A group of researchers discovered a significant flaw in the HIV retrovirus that causes AIDS, and they demonstrated in preclinical experiments that a commonly used diabetes drug, metformin, can exploit it. The results, which were published in the journal Nature Immunology, indicate that when HIV (human immunodeficiency virus) infects immune cells called CD4 T cells, it boosts a key process in the cells' chemical energy output, enabling it to fuel its own replication.
In both cell-culture and mouse studies, they discovered that the diabetes drug metformin inhibits the same mechanism and thus suppresses HIV replication in these cells. "These results indicate that metformin and other drugs that slow T cell metabolism may be useful as adjunct therapies for HIV treatment," said University of North Carolina researcher Haitao Guo.
According to the World Health Organization's most recent figures, about 38 million people worldwide are infected with HIV.
To suppress HIV replication, doctors currently treat these infections with a combination of antiretroviral drugs. Despite this, many patients continue to exhibit symptoms of viral replication and immune dysfunction.
Antiretroviral drugs must be taken indefinitely even if patients react well to them, since HIV inscribes itself into the DNA of certain infected cells, and the drugs are unable to clear this viral genetic "reservoir." Furthermore, owing to the toxicity of anti-HIV medications, many patients will only take them on a restricted basis.

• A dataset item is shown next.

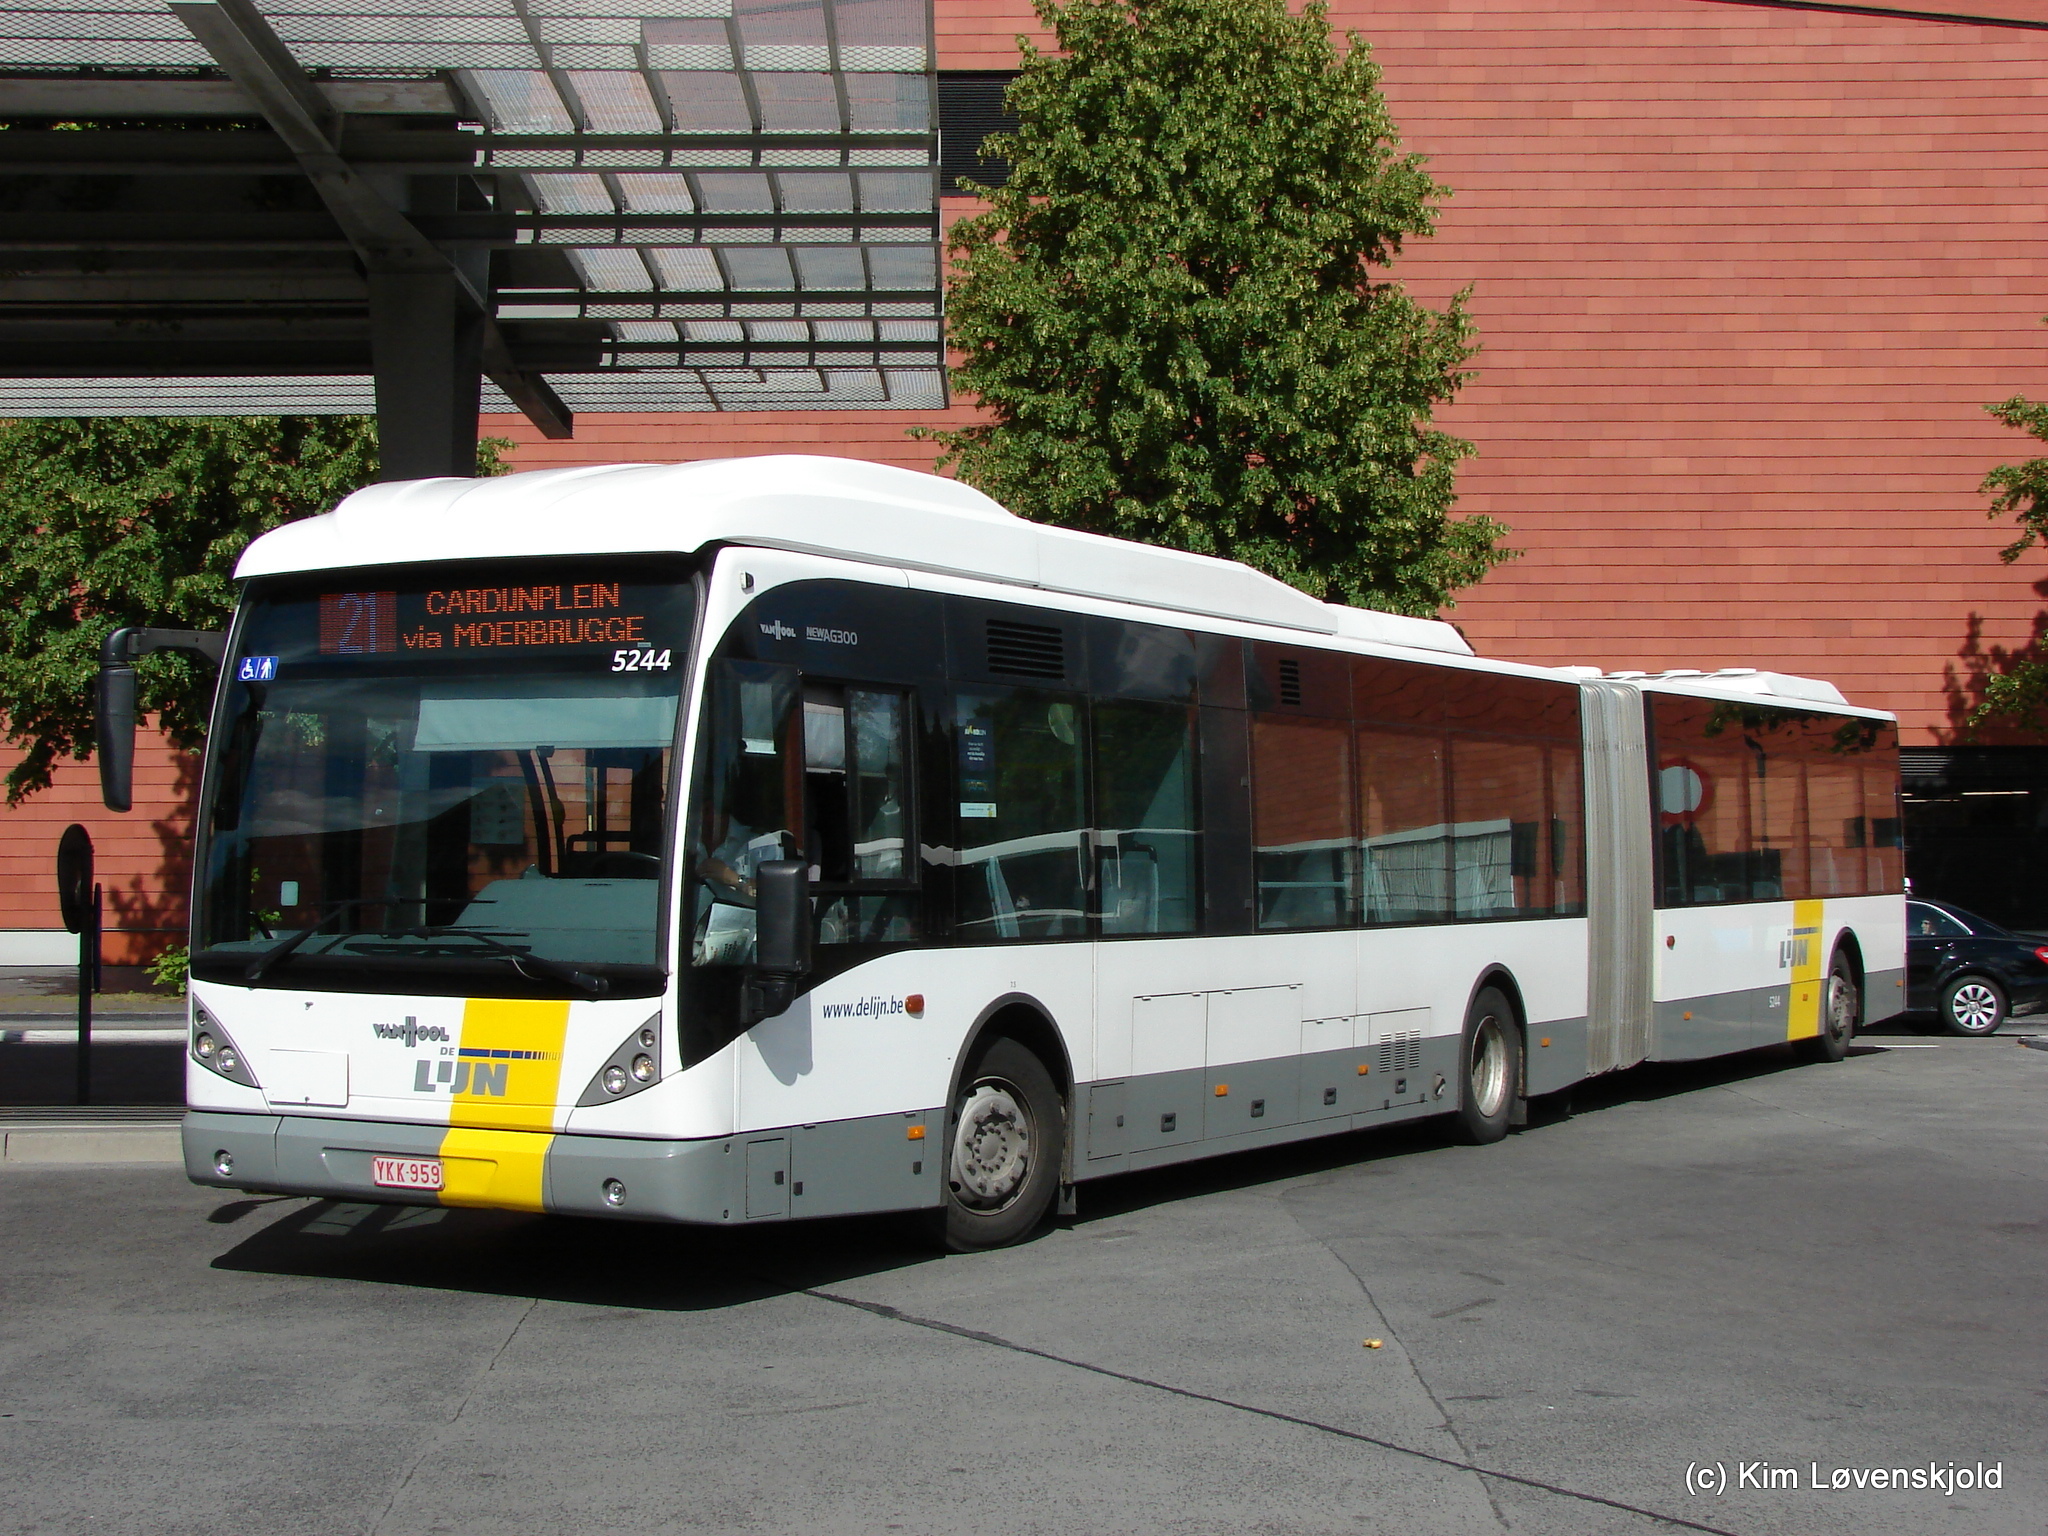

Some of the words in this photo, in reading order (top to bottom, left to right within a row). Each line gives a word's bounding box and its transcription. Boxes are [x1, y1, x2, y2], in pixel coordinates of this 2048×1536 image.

As a result, despite success, HIV care still has a long way to go. The researchers analyzed CD4-cell gene expression data from an HIV-infected individual study and discovered that the gene expression patterns most closely linked to bad outcomes among these patients involved an energy-production mechanism known as oxidative phosphorylation.
They discovered that drugs and other chemical compounds that prevent CD4 cells from oxidative phosphorylation would prevent HIV from replicating in these cells. Further studies in primary human CD4 cells and mice with human CD4 cells reported that metformin prevents HIV replication in these cells. This diabetes drug may be used as adjunct therapy for treating HIV which just shows how close scientists are, to finding the cure.